30 Aug Capturing Carbon: The Quest for Sequestration
Image: Researchers from Eurofins Agroscience Australia (far right and far left) shoe Soil C Quest’s Mick Wettenhall and Guy Webb (centre) how research into inoculums is progressing. Image supplied.
A bold new project aims to put the future of food security and climate change firmly in the hands of farmers, through the development of ‘game changing’ biotechnology.
A newly formed non-for profit research and development organisation is exploring the potential for the humble fungi to be used to create and store large amounts of carbon in the soil.
Soil C Quest is extending initial research by The University of Sydney that discovered the potential for soil microbes to ‘capture and build soil carbon at unprecedented rates’.
‘The University of Sydney study sourced isolates of fungi from the Sydney basin area.

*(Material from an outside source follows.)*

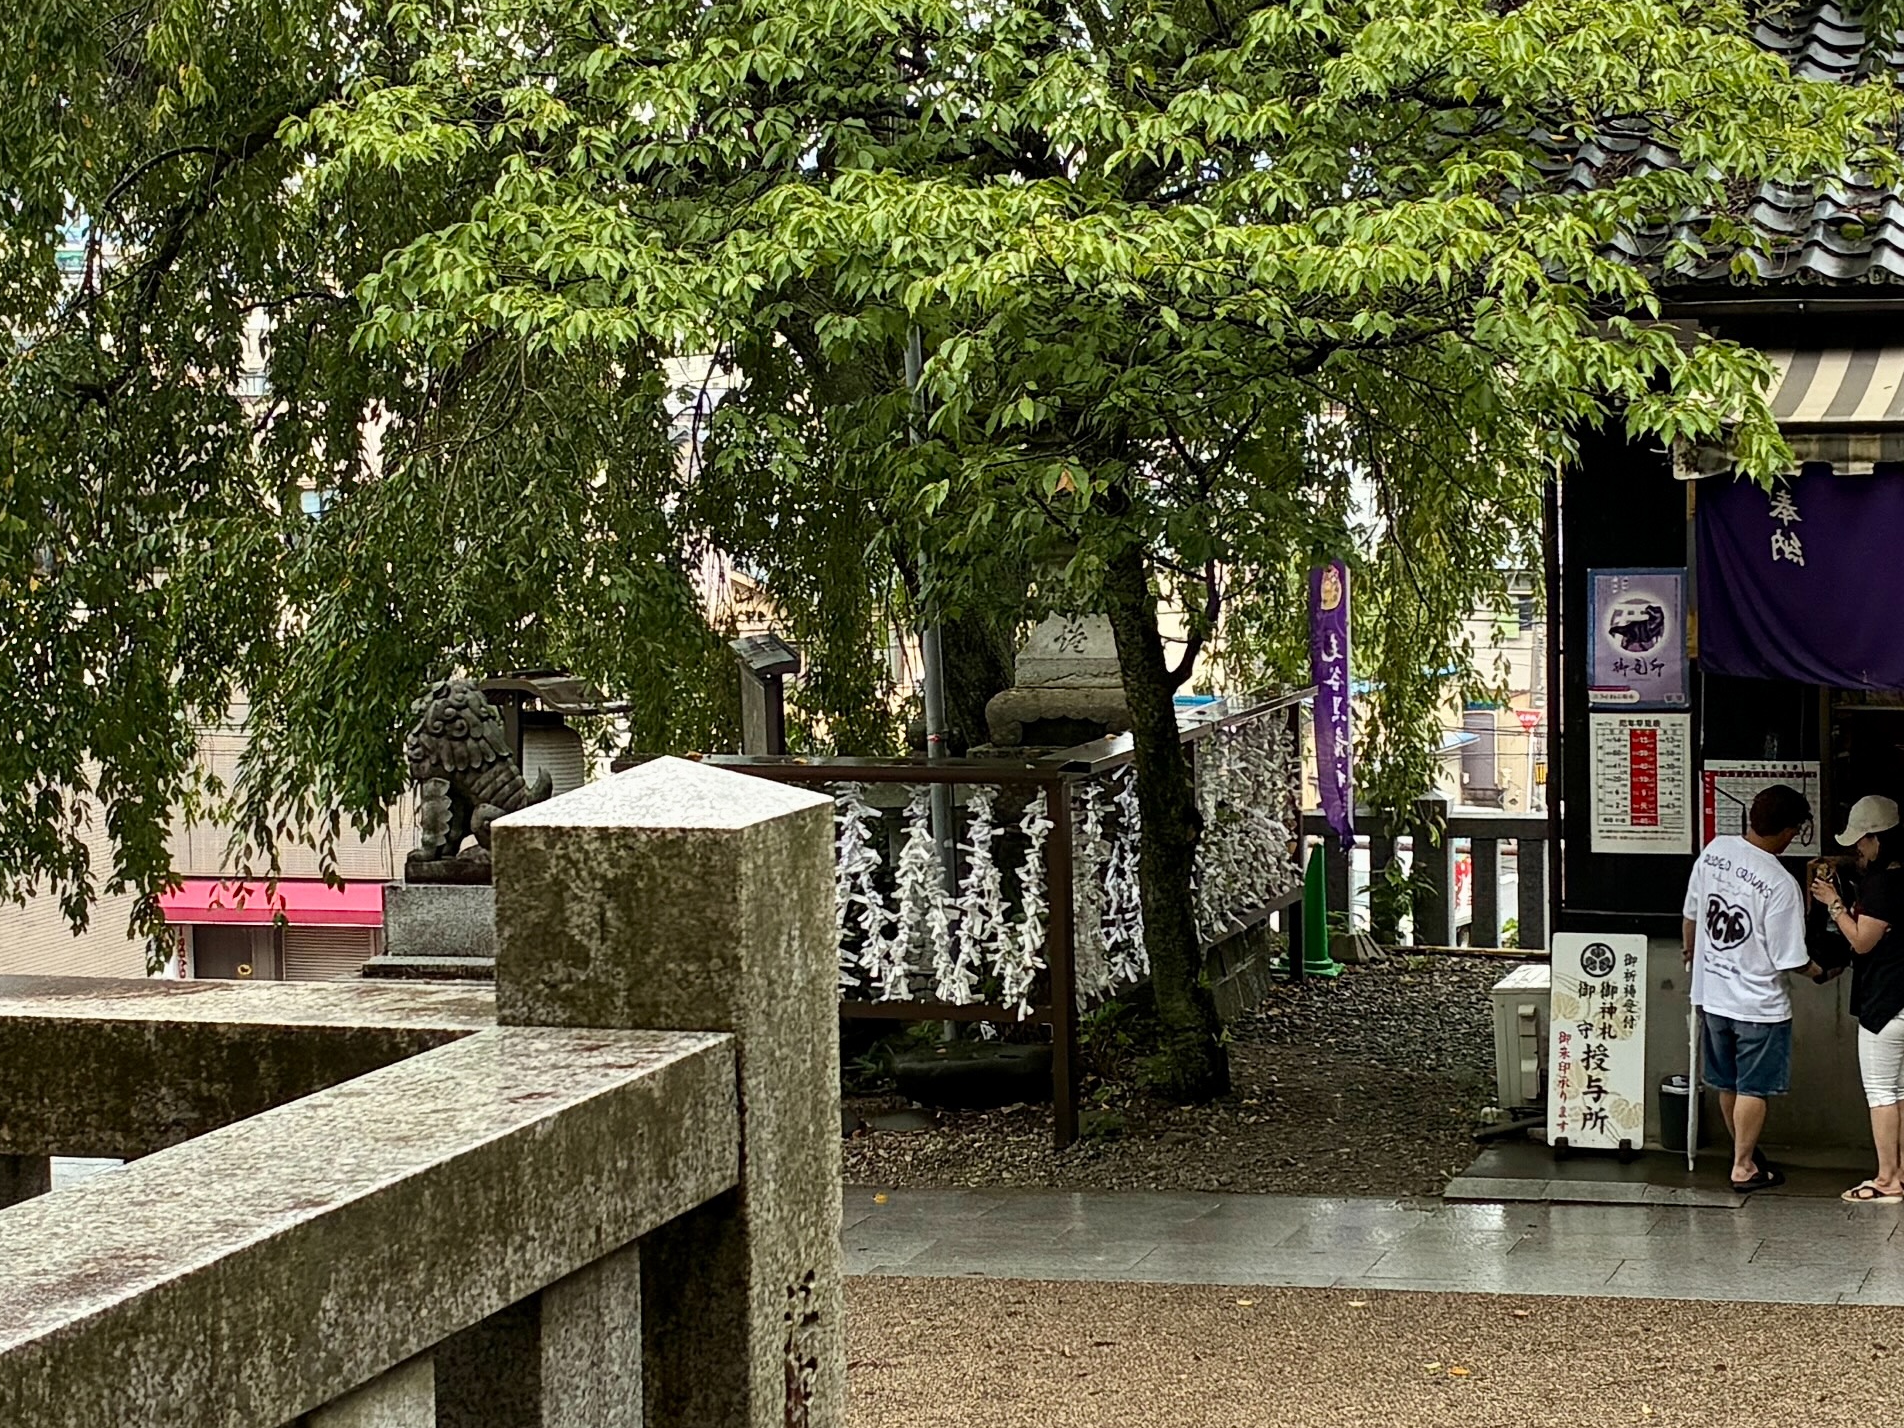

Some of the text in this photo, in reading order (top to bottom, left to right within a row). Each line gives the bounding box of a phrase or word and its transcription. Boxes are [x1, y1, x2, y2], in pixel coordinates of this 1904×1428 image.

[1600, 981, 1618, 1040] 御神札
[1580, 1043, 1611, 1135] 授与所

Of those, 24 showed a statistical increase in soil carbon over a 14 week period, and two or three showed a significant increase in soil carbon’, explains Guy Webb, CEO of Soil C Quest.
Trial results also detected a mild increase in crop growth indicating that there could be a host of additional agronomic benefits if the biotechnology can get to a market-ready stage.

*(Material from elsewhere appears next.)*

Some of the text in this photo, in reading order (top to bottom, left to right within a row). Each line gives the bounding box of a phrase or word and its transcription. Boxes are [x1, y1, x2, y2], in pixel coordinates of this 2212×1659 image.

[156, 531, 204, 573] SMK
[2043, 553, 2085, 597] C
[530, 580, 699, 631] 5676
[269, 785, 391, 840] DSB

Soil C Quest was formed to further the research, initially conducting a field trial to test the inoculum in canola which showed a 30% increase in soil carbon in 30 days.
‘We’ve had success increasing soil carbon under canola, cotton and sub clover, and part of the research we’re doing now is identifying the specific fungi that will be able to increase soil carbon in other crops and different climate zones’.
Two birds, one inoculant
For farmers, particularly continuous croppers, the prospect of being able to build soil carbon through a simple seed inoculant represents an opportunity to increase yields using fewer inputs, leading to increased sustainability.

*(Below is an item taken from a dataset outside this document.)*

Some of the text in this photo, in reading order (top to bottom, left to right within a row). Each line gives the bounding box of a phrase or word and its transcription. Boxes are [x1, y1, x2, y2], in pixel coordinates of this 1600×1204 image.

An essential feature in all landscapes, carbon is the pillar of soil fertility, directly influencing soil’s ability to hold water, cycle nutrients and make nitrogen available for plants. Experts speculate that between 50% and 80% of organic carbon in the surface of Australian soils has been lost since European settlement, contributing to the ever-increasing input requirements of modern farming systems.
The biotechnology being explored by Soil C Quest has the potential to reverse many of the issues caused by land degradation. An increase in soil organic carbon from just 1-2% can store the equivalent of an extra 30 units of nitrogen/hectare, as well as increasing the capacity of soil to hold water. Consider that against the initial trial where soil organic carbon increased by 30% in 30 days and the sustainability of farming systems seems all the more positive.
Reversing Climate Change
As well as the benefits to the agricultural sector, biotechnologies like the Soil C Quest project offer a contingency plan for the effects of climate change. Human activities like deforestation and the burning of fossil fuels have contributed to an excess of carbon dioxide being released into the atmosphere, one of the main contributors to the greenhouse gas effect.
‘Locking carbon up in the soil is a really cheap climate change mitigation tool. Effectively it will be paid for by farmers, they’ll deploy the technology at a scale given one billion hectares is cropped globally every year’.
‘The current level of carbon dioxide in the atmosphere is 400 parts per million, and that needs to be reduced to 350 parts per million to start reversing global warming. A 10% increase in global soil carbon stores annually could theoretically remove around 10 parts per million of atmospheric carbon dioxide each year’.
In an effort to continue research in this area, Soil C Quest will be launching a crowd funding campaign at the NSW state Landcare conference in October this year.